On Fri, 20 Jan 2023 12:02:41 -0300
Wander Lairson Costa <[email protected]> wrote:
> rto_push_irq_work_func() is called in hardirq context, and it calls
> push_rt_task(), which calls put_task_struct().
>
> If the kernel is compiled with PREEMPT_RT and put_task_struct() reaches
> zero usage count, it triggers a splat because __put_task_struct()
> indirectly acquires sleeping locks.
>
> The put_task_struct() call pairs with an earlier get_task_struct(),
> which makes the probability of the usage count reaches zero pretty
> low.
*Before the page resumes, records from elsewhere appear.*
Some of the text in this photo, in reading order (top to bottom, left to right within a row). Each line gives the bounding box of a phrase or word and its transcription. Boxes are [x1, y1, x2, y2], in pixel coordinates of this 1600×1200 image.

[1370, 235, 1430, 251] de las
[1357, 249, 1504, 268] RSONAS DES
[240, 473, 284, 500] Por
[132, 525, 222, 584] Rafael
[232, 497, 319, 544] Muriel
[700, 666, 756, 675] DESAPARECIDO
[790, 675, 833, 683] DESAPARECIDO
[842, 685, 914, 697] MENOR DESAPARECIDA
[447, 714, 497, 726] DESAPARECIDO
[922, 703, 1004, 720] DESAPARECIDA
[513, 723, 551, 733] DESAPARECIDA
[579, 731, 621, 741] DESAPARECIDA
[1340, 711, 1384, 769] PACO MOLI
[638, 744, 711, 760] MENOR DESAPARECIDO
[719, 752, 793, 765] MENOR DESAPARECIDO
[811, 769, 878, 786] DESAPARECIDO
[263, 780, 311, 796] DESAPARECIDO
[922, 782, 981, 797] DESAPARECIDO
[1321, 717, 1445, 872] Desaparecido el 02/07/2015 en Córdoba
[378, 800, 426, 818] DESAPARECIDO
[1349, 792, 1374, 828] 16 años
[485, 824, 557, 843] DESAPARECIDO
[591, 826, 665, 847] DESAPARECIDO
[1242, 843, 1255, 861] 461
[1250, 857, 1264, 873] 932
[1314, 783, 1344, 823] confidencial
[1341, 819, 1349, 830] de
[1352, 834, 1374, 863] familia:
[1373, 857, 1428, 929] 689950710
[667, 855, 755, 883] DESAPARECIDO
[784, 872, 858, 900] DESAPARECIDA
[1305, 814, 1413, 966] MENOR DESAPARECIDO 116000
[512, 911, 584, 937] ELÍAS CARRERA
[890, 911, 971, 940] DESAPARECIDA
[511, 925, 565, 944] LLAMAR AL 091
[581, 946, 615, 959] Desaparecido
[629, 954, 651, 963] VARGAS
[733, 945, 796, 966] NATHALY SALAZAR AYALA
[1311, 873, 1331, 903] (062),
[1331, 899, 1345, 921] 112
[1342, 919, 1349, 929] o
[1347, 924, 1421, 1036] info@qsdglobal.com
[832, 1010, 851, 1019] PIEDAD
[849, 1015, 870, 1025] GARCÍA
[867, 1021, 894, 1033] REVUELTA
In any case, let's play safe and use the atomic safe version.
>
> Signed-off-by: Wander Lairson Costa <[email protected]>
> Cc: Thomas Gleixner <[email protected]>
> ---
> kernel/sched/rt.c | 4 ++--
> 1 file changed, 2 insertions(+), 2 deletions(-)
>
For what it's worth:
Reviewed-by: Steven Rostedt (Google) <[email protected]>
-- Steve
> diff --git a/kernel/sched/rt.c b/kernel/sched/rt.c
> index ed2a47e4ddae..30a4e9607bec 100644
> --- a/kernel/sched/rt.c
> +++ b/kernel/sched/rt.c
> @@ -2147,7 +2147,7 @@ static int push_rt_task(struct rq *rq, bool pull)
> /*
> * Something has shifted, try again.
> */
> - put_task_struct(next_task);
> + put_task_struct_atomic_safe(next_task);
> next_task = task;
> goto retry;
> }
> @@ -2160,7 +2160,7 @@ static int push_rt_task(struct rq *rq, bool pull)
>
> double_unlock_balance(rq, lowest_rq);
> out:
> - put_task_struct(next_task);
> + put_task_struct_atomic_safe(next_task);
>
> return ret;
> }
On 23/01/23 14:24, Wander Lairson Costa wrote:
> On Mon, Jan 23, 2023 at 1:30 PM Oleg Nesterov <[email protected]> wrote:
>>
>> On 01/20, Wander Lairson Costa wrote:
>> >
>> > +static inline void put_task_struct_atomic_safe(struct task_struct *task)
>> > +{
>> > + if (IS_ENABLED(CONFIG_PREEMPT_RT)) {
>> > + /*
>> > + * Decrement the refcount explicitly to avoid unnecessarily
>> > + * calling call_rcu.
>> > + */
>> > + if (refcount_dec_and_test(&task->usage))
>> > + /*
>> > + * under PREEMPT_RT, we can't call put_task_struct
>> > + * in atomic context because it will indirectly
>> > + * acquire sleeping locks.
>> > + */
>> > + call_rcu(&task->rcu, __delayed_put_task_struct);
>> ^^^^^^^^^
>> I am not sure the usage of task->rcu is safe...
>>
>> Suppose that, before __delayed_put_task_struct() is called by RCU, this task
>> does the last schedule and calls put_task_struct_rcu_user().
>>
>> And, can't we simply turn put_task_struct() into something like
>>
>> put_task_struct(struct task_struct *t)
>> {
>> if (refcount_dec_and_test(&t->usage)) {
>> if (IS_ENABLED(CONFIG_PREEMPT_RT)
>> && (in_atomic() || irqs_disabled()))
>> call_rcu(...);
>> else
>> __put_task_struct(t);
>> }
>> }
>>
>> ?
>
> Yeah, that was one approach I thought about. I chose to use an
> explicit function because I assumed calling __put_task_struct() from a
> non-preemptable context should be the exception, not the rule.
I'd tend to agree.
> Therefore (if I am correct in my assumption), it would make sense for
> only some call sites to pay the overhead price for it. But this is
> just a guess, and I have no evidence to support my claim.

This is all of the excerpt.